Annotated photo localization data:
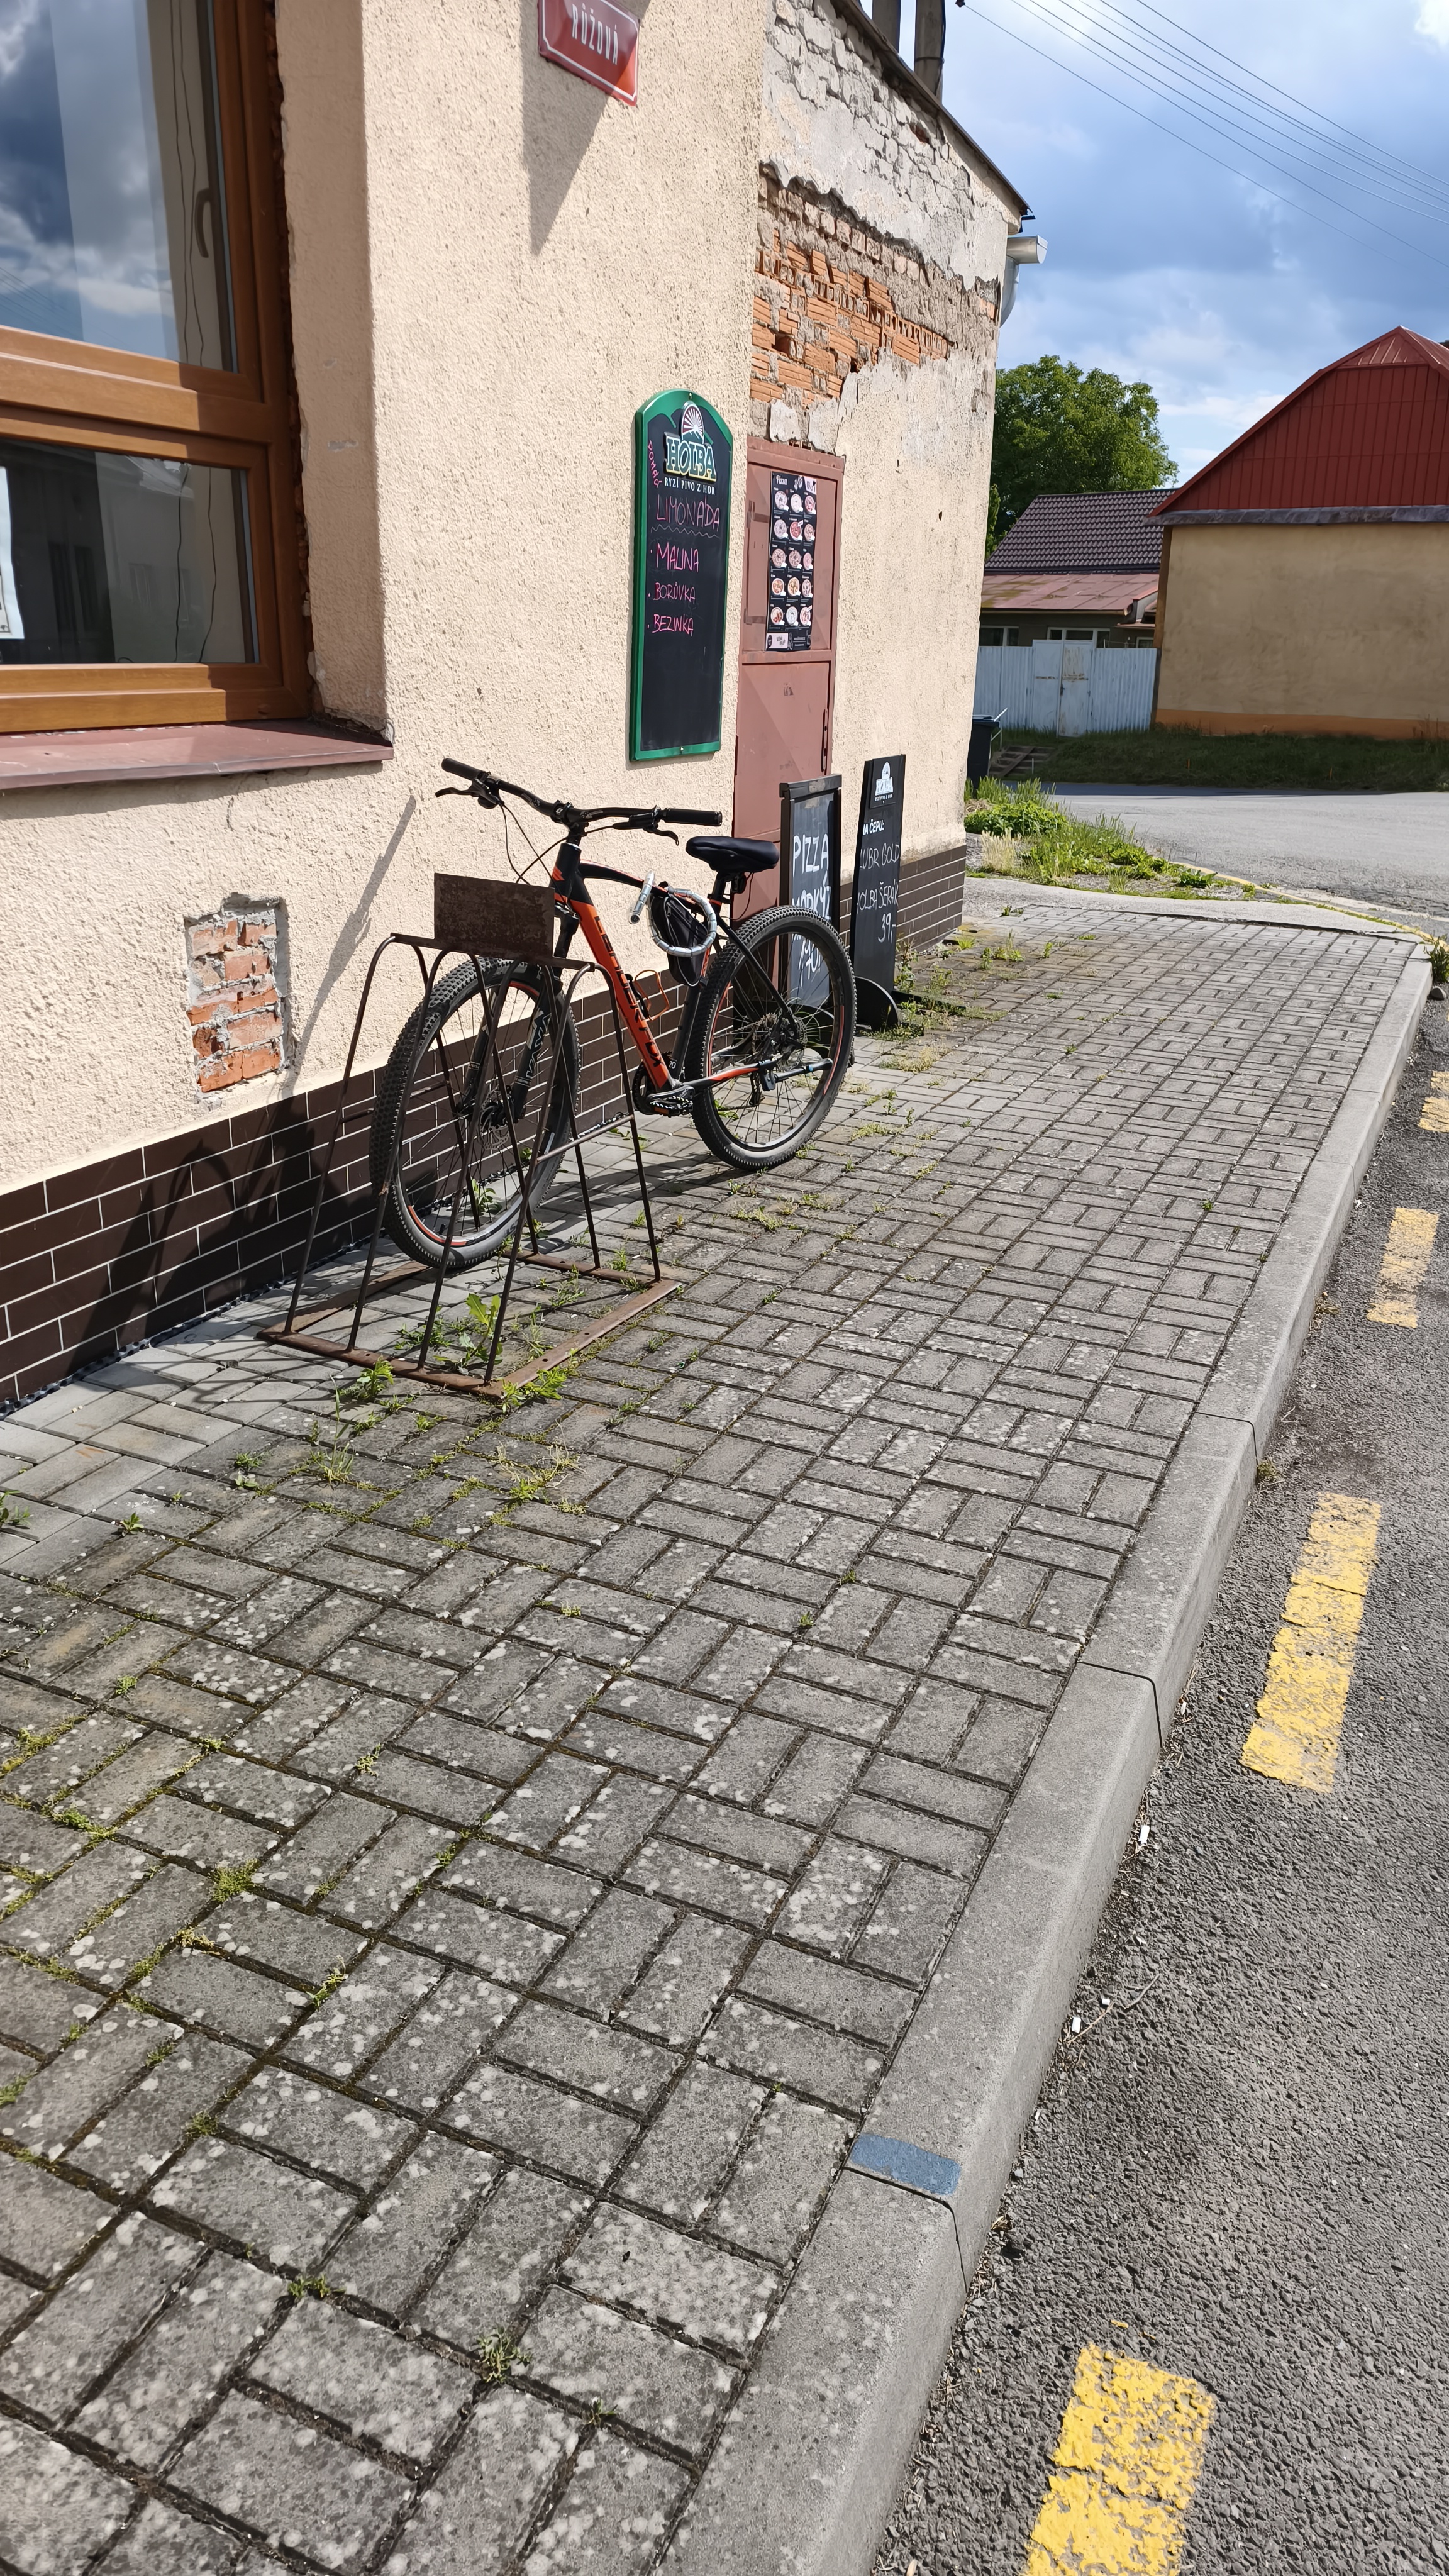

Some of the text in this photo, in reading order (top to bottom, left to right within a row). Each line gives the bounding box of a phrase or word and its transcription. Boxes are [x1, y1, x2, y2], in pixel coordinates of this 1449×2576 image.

[572, 3, 618, 65] RŮŽOVÁ
[665, 436, 717, 482] HOLBA
[664, 477, 715, 495] RYZÍ PIVO Z HOR
[657, 494, 720, 532] LIMONÁDA
[656, 541, 699, 573] MALINA
[653, 581, 696, 605] BORŮVKA
[652, 613, 694, 636] BEZINKA
[869, 819, 885, 835] ČEPU:
[792, 833, 829, 877] PIZZA
[882, 843, 900, 866] GOLD
[878, 879, 899, 908] ŠERÁK
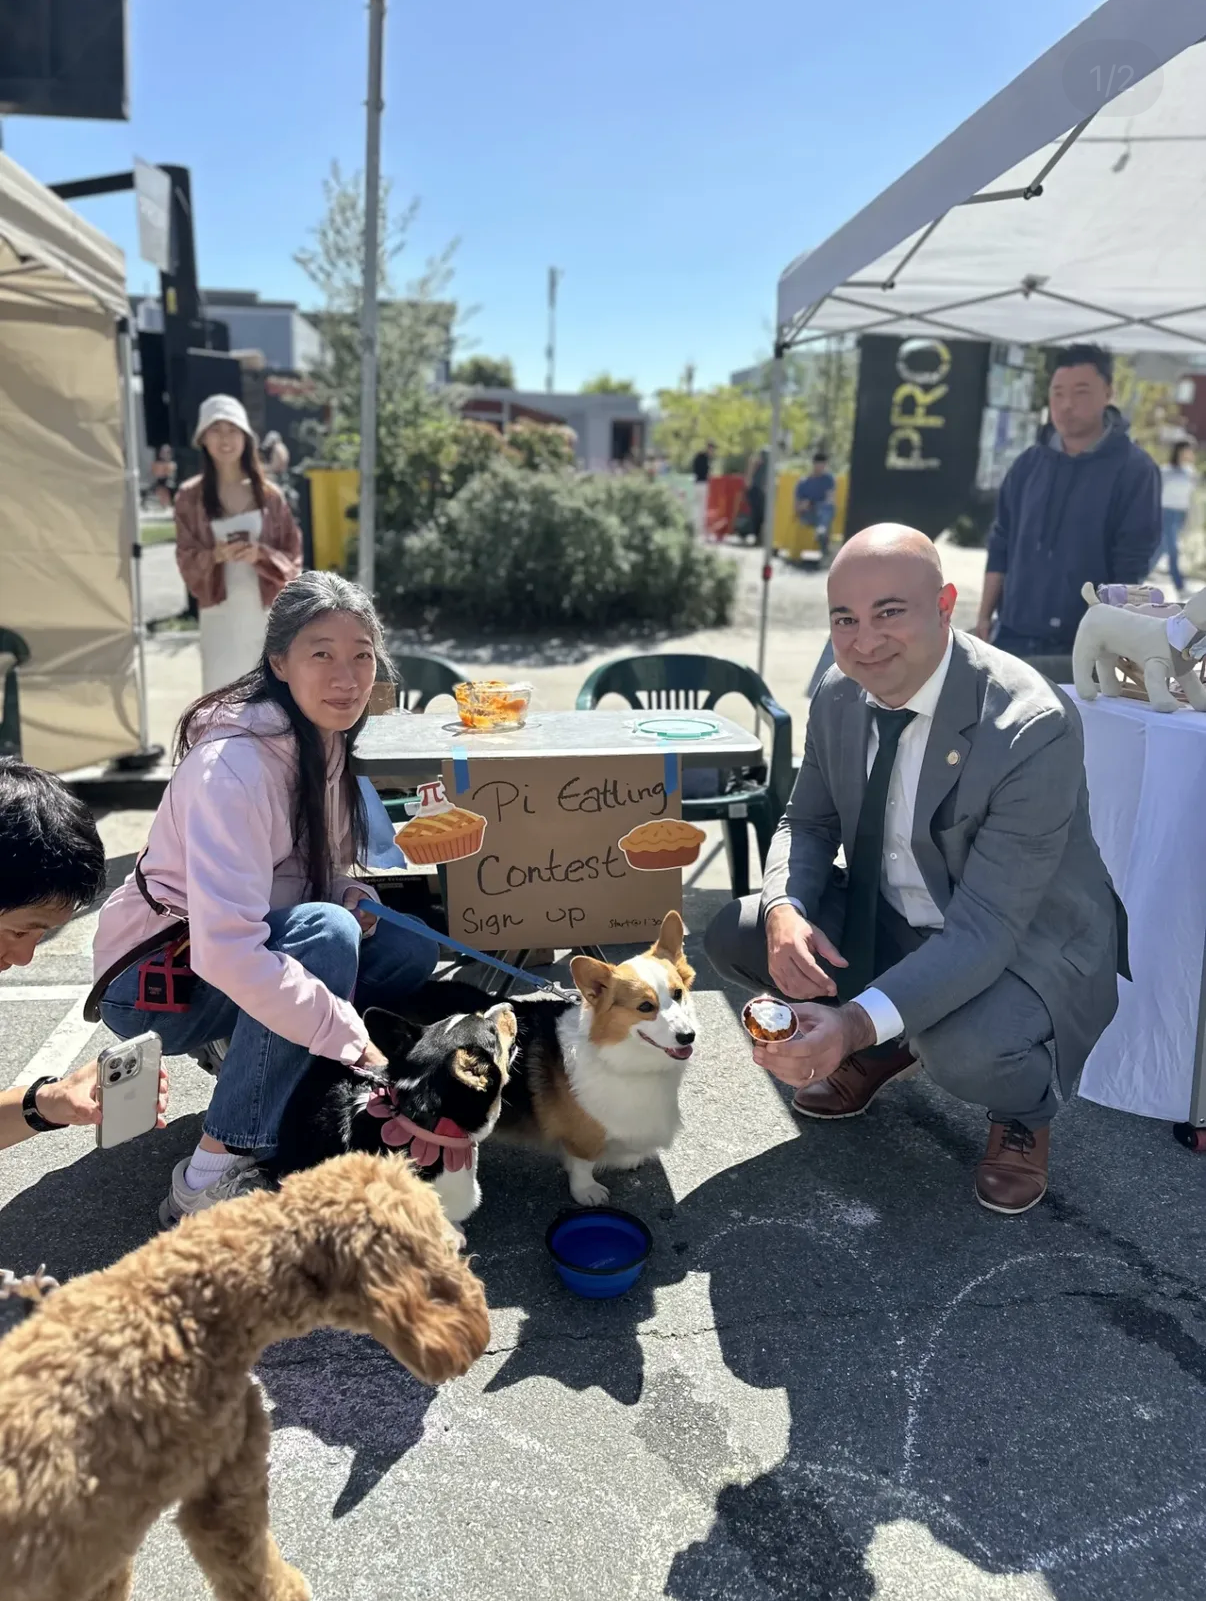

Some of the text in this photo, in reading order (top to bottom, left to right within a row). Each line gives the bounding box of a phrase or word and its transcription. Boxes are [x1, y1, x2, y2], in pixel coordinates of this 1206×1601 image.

[885, 337, 951, 470] PRO
[472, 780, 535, 822] Pi
[477, 846, 626, 895] Contest
[463, 907, 523, 935] Sign

Exercise
A word-for-word copy of the records is needed, with no pictures carried over.

Task response
Some of the text in this photo, in reading order (top to bottom, left to right within a row). Each line gives the bounding box of a phrase or word and its transcription. Boxes are [x1, y1, x2, y2], in pixel coordinates of this 1449×2576 image.

[572, 3, 618, 65] RŮŽOVÁ
[665, 436, 717, 482] HOLBA
[664, 477, 715, 495] RYZÍ PIVO Z HOR
[657, 494, 720, 532] LIMONÁDA
[656, 541, 699, 573] MALINA
[653, 581, 696, 605] BORŮVKA
[652, 613, 694, 636] BEZINKA
[869, 819, 885, 835] ČEPU:
[792, 833, 829, 877] PIZZA
[882, 843, 900, 866] GOLD
[878, 879, 899, 908] ŠERÁK

Some of the text in this photo, in reading order (top to bottom, left to right within a row). Each line gives the bounding box of a phrase or word and its transcription. Boxes are [x1, y1, x2, y2], in pixel coordinates of this 1206×1601 image.

[885, 337, 951, 470] PRO
[472, 780, 535, 822] Pi
[477, 846, 626, 895] Contest
[463, 907, 523, 935] Sign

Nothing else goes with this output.